12 janvier 2022. Je revois sans cesse le visage sereins de la petite Chacha qui n’a plus jamais revu ses parents décédés et celui de Marie qui n’a même pas pu récupérer le cadavre de son fils mort étouffé sous les décombres de son école.
12 ans après ce tremblement de terre, s’il me fallait définir en une phrase l’état d’esprit des Haïtiens, leur façon d’être, de surmonter les difficultés, je dirais : « Les batailles de la vie ne sont pas gagnées par les plus forts, mais par ceux qui n’abandonnent jamais. » C’est une leçon importante que je tire de cette tragédie. Je ne m’endors presque jamais sans songer à mon expérience, là-bas. Haïti est, et restera, un pays dont je me sentirai toujours naturellement proche. Je suis attirée par ses gens qui ne connaissent pas la paresse. Qui savent se battre pour gagner leur pain quotidien.
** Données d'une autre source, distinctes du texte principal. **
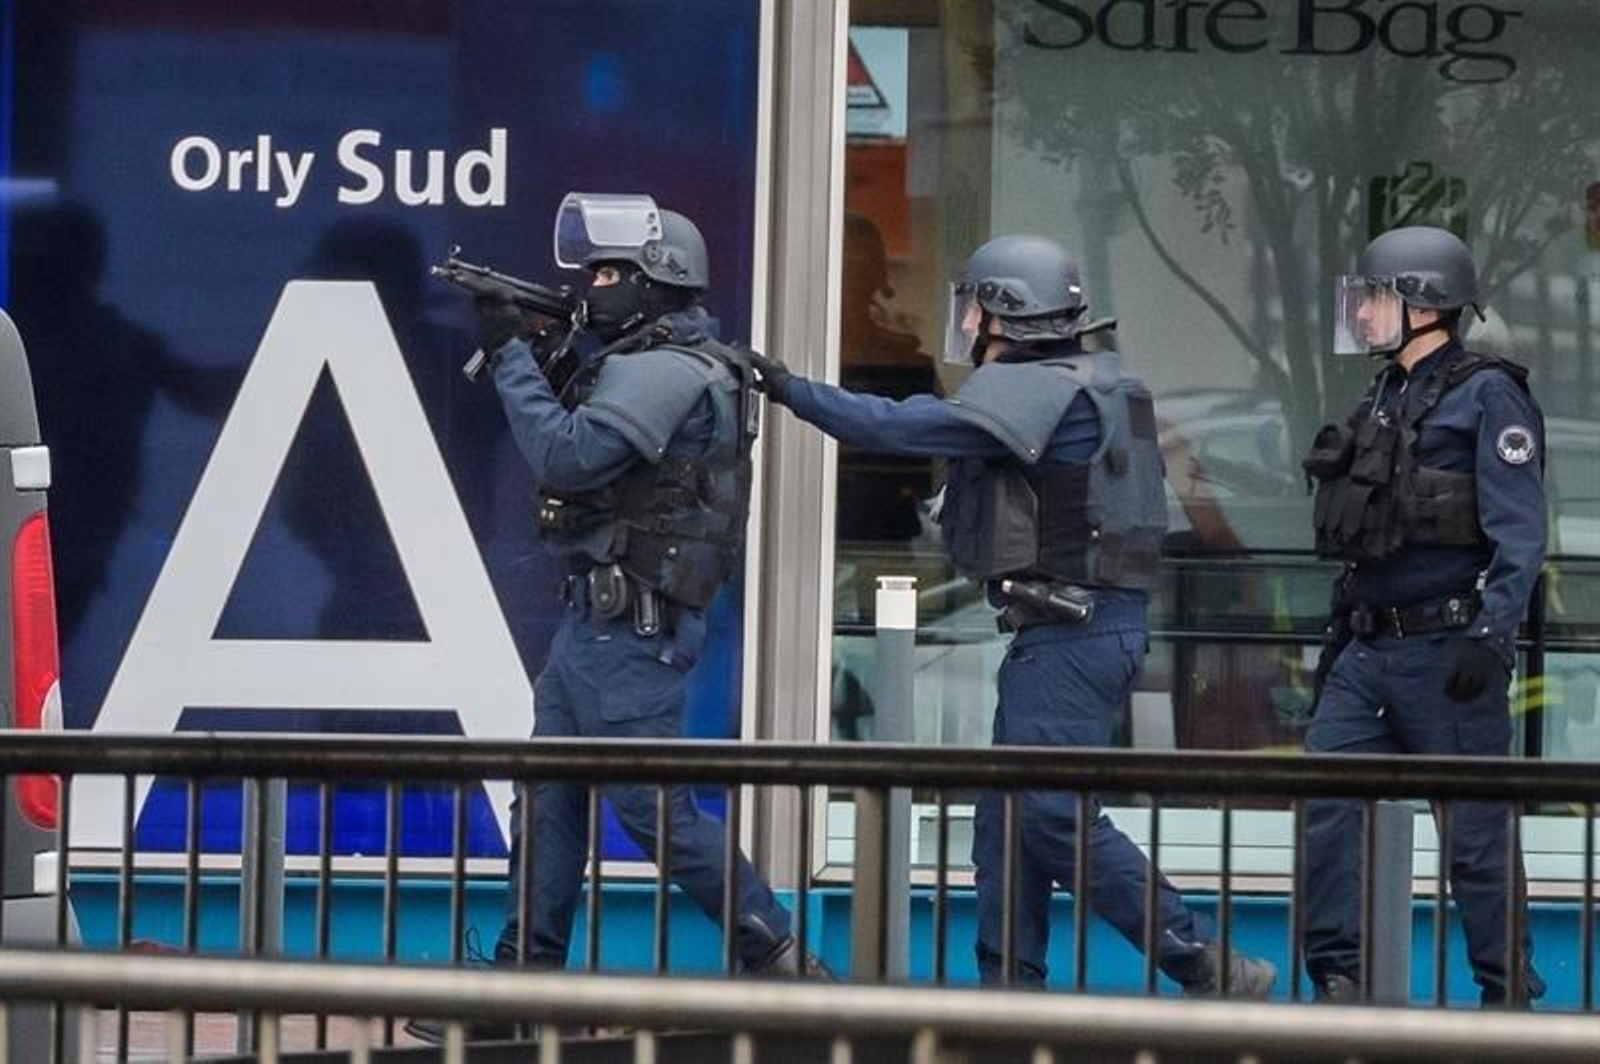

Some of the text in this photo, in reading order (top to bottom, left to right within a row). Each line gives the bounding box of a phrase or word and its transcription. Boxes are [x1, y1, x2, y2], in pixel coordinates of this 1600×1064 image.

[1023, 0, 1524, 84] Safe Bag
[170, 128, 508, 208] Orly Sud
[66, 280, 535, 850] A
Un texte émouvant qui décrit si bien la vie en Haiti et la situation du 12 janvier 2010. Une photographie vive de contrastes peignant le douloureux combat d’un peuple qui reste joyeux et résilient devant l’adversité permanente.
Très bonne chronique rempli d’émotion et d’information sur Haiti. Une triste réalité de notre vie sur terre. Tout semblait sous contrôle jusqu’à l’instant ou cette catastrophe arrive. Rien n’est acquis à l’avance, il faut prendre en compte tout sur cette terre. Réfléchir autrement en prenant en compte l’environnement, tout les éléments qui nous entourent. Toutes mes félicitations pour cette chronique, pleins d’enseignements tirés.